Ten years ago, I wrote the first edition of Learning Perl. In the intervening years, Perl itself has grown substantially from a "cool" scripting language used primarily by Unix system administrators to a robust object-oriented programming language that runs on practically every computing platform known to mankind.
Throughout its three editions, Learning Perl remained the same size (about 300 pages) and continued to cover much of the same material to remain compact and accessible to the beginning programmer. But there is much more to learn about Perl than there was ten years ago.
This book may be entitled Learning Perl Objects, References, and Modules, but I like to think of it as just Learning More Perl. This is the book that picks up where Learning Perl leaves off. It shows how to use Perl to write larger programs.

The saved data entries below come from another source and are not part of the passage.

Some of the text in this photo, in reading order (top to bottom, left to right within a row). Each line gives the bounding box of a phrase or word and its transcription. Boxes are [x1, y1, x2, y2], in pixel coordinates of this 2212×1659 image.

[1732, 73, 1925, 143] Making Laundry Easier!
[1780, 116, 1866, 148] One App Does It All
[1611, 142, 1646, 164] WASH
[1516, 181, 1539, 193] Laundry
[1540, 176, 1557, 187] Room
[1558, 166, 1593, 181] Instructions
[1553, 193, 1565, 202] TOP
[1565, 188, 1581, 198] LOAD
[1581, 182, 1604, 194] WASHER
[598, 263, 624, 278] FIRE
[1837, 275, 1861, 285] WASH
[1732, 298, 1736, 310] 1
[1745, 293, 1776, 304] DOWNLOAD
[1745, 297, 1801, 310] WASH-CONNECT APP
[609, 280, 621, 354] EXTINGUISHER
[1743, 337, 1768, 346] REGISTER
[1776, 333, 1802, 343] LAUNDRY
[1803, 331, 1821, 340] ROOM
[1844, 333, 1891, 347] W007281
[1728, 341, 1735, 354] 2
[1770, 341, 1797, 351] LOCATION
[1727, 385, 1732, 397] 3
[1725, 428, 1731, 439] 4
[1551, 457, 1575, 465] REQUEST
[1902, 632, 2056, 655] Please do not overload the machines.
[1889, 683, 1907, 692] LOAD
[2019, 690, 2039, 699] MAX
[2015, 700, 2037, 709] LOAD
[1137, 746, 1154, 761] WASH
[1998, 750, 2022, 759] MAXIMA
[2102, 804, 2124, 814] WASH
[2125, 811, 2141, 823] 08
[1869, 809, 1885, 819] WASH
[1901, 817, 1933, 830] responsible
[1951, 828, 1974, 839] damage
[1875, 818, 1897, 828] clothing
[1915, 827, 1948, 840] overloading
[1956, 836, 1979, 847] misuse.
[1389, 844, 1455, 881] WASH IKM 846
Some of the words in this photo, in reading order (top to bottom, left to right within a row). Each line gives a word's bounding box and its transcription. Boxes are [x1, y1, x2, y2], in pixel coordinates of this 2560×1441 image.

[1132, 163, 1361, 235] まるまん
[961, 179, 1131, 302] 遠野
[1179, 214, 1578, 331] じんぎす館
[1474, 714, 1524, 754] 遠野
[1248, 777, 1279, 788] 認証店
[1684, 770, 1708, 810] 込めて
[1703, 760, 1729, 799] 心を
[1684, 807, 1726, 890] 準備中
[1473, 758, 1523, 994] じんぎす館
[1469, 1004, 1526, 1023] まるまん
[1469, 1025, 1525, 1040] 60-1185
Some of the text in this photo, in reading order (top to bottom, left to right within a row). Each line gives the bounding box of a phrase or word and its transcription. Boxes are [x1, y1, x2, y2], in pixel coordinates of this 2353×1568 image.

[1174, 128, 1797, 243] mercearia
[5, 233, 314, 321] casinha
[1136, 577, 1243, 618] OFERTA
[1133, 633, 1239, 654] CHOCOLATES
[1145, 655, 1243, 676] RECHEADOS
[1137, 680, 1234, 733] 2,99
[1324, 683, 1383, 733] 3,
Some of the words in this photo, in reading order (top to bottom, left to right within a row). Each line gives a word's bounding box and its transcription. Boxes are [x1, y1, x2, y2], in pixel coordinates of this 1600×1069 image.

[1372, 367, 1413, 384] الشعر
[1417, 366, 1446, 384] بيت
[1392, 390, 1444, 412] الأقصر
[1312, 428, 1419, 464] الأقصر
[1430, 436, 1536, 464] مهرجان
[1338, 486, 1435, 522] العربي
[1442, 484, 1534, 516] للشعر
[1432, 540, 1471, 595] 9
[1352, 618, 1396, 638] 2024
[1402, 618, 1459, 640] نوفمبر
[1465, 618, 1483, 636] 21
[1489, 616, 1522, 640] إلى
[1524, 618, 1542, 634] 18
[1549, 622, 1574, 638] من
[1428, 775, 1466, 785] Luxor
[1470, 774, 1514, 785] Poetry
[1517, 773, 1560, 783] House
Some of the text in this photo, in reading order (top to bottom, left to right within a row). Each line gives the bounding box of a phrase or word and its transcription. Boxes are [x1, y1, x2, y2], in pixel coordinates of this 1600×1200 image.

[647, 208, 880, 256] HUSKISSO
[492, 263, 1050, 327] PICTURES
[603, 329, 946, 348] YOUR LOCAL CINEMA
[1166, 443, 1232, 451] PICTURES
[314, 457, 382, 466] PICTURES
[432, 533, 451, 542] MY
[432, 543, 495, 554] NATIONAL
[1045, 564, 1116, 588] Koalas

Don't ask why it isn't called that. We must have had 30 emails on the subject.
As in Learning Perl, each chapter in this book is designed to be small enough to read in just an hour or two. Each chapter ends with a series of exercises to help you practice what you've just learned, with the answers in the Appendix for your reference. And like Learning Perl, the material in this book was developed for a teaching environment and used in that setting, including for our own use at Stonehenge Consulting Services as we present onsite and open-enrollment trainings.
You don't have to be a Unix guru, or even a Unix user, to benefit from this book. Unless otherwise noted, everything in this book applies equally well to Windows ActivePerl from ActiveState, and all other modern implementations of Perl. To use this book, you just need to be familiar with the material in Learning Perl and have the ambition to go further.
It's a good idea to read this book from front to back, stopping to do the exercises. Each chapter builds on preceding chapters. You've been warned.